The tranquility of tiny Colebrook, N.H., was shattered on May 14, 2010, when an explosion at Black Mag LLC rocked buildings blocks away and killed two workers. Owner Craig Sanborn has been convicted by a jury of two counts of negligent homicide and two counts of manslaughter.
Craig Sanborn, the president, managing member and primary owner of the Black Mag gunpowder factory in Colebrook, N.H., has been found guilty of multiple charges of manslaughter and negligent homicide for his role in the deaths of two employees. He faces the possibility of 20 years in prison, and was assessed fines of $10,000 in Coos County Superior Court.
Sanborn was charged with two counts each of manslaughter and reckless homicide in the May 2010 explosion at the plant that killed employees Donald Kendall, 56, of Colebrook, N.H., and Jesse Kennett, 49, of Stratford, N.H., while they were manufacturing a gunpowder substitute. The two men only had been working at the facility a month when they died.
The explosion, which injured a third employee (the three men were the only ones in the building), was so strong that it shook buildings blocks away and forced the evacuation of nearby neighbors as plumes of black smoke shot into the air. Firefighters were unable to fight the blaze because ammunition inside the factory was exploding.
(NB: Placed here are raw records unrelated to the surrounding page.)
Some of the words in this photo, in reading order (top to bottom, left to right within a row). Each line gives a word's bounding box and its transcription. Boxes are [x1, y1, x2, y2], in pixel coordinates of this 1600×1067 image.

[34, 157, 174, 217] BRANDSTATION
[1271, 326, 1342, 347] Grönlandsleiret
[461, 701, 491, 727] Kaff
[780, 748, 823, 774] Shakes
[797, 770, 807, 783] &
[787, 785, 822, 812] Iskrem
In his opening remarks at the start of the trial on Sept. 30, Coos County Prosecutor John McCormick told jurors that Sanborn was motivated by greed and trying to meet the conditions of a contract for which he already had received a $300,000 down payment. As a result, according to McCormick, Sanborn was reckless in manufacturing and storing the black powder and did not provide adequate training for employees or a safe work environment.
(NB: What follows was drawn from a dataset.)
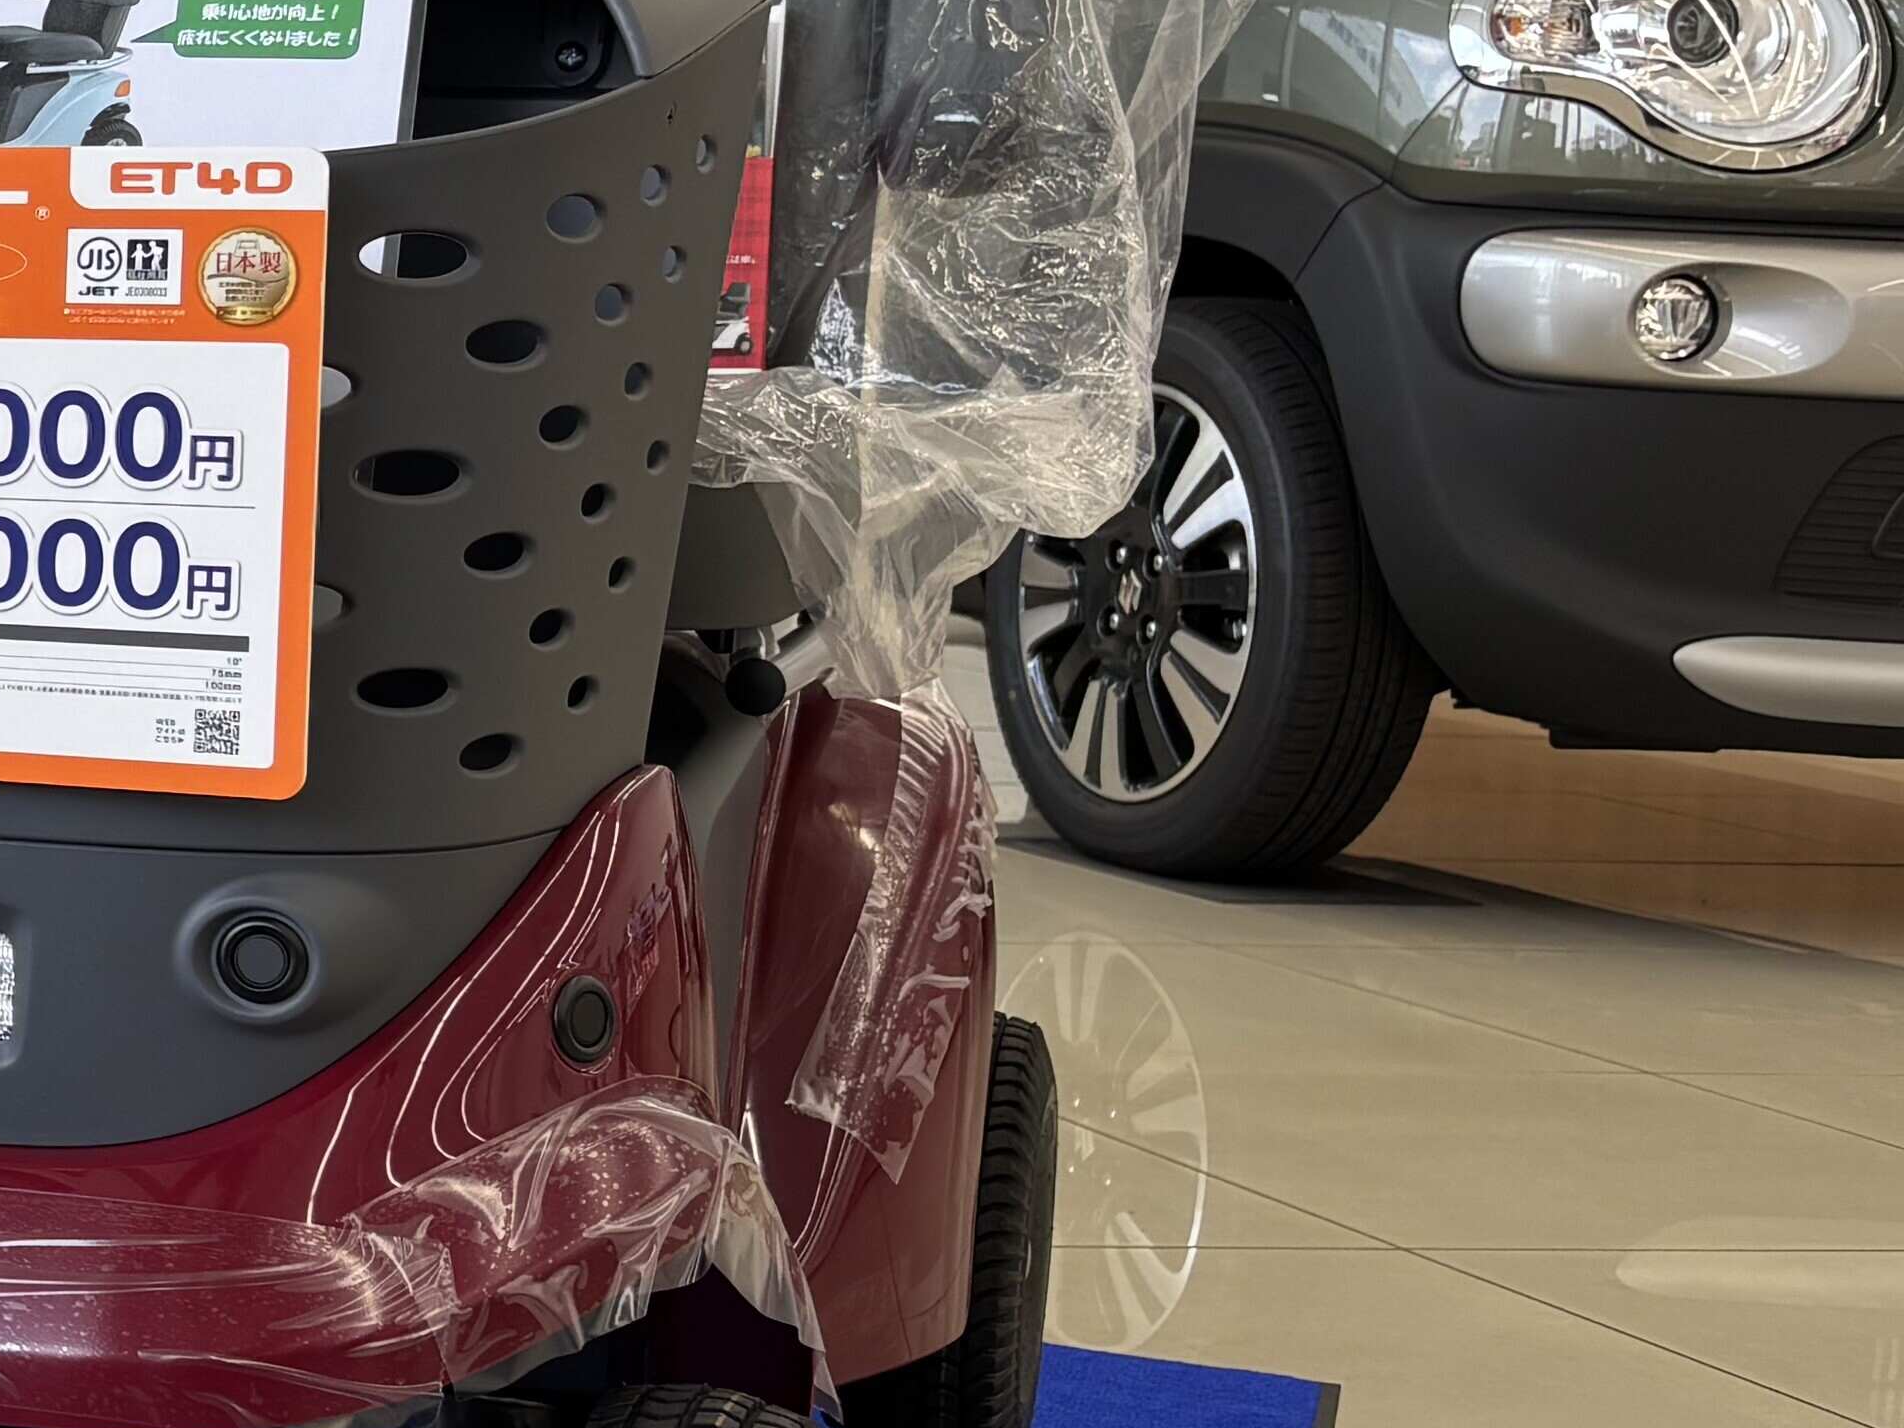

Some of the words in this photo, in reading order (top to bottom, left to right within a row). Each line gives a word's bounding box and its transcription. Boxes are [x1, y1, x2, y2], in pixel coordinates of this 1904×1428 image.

McCormick also claimed that Sanborn stored a half a ton of explosive powder on site but did not have a permit to store more than 50 pounds of explosive powder, because the space he rented for the factory was an indoor, occupied building that shared the building with a church.
Sanborn’s attorney, Mark Sisti, had argued that employee error could have been to blame and that Sanborn was in North Carolina when the explosion occurred and therefore had no control over the conditions that caused the explosion.
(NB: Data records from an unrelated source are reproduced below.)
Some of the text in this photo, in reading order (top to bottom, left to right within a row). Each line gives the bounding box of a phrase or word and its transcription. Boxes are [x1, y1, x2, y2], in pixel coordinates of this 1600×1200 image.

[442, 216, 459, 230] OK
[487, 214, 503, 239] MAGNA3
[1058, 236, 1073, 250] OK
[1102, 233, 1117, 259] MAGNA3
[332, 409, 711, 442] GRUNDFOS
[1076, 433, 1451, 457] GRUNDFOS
The jury didn’t buy that argument, taking only three hours to find Sanborn guilty on all counts.
“The disregard for safety cost two workers their lives, and this jury agreed that Craig Sanborn’s actions were criminal,” said Assistant Secretary of Labor for Occupational Safety and Health Dr. David Michaels. “The Labor Department commends the Coos County Attorney's Office for its successful prosecution. We also appreciate the invaluable cooperation of the New Hampshire Department of Safety, specifically the fire marshal and the state police, during our investigation.”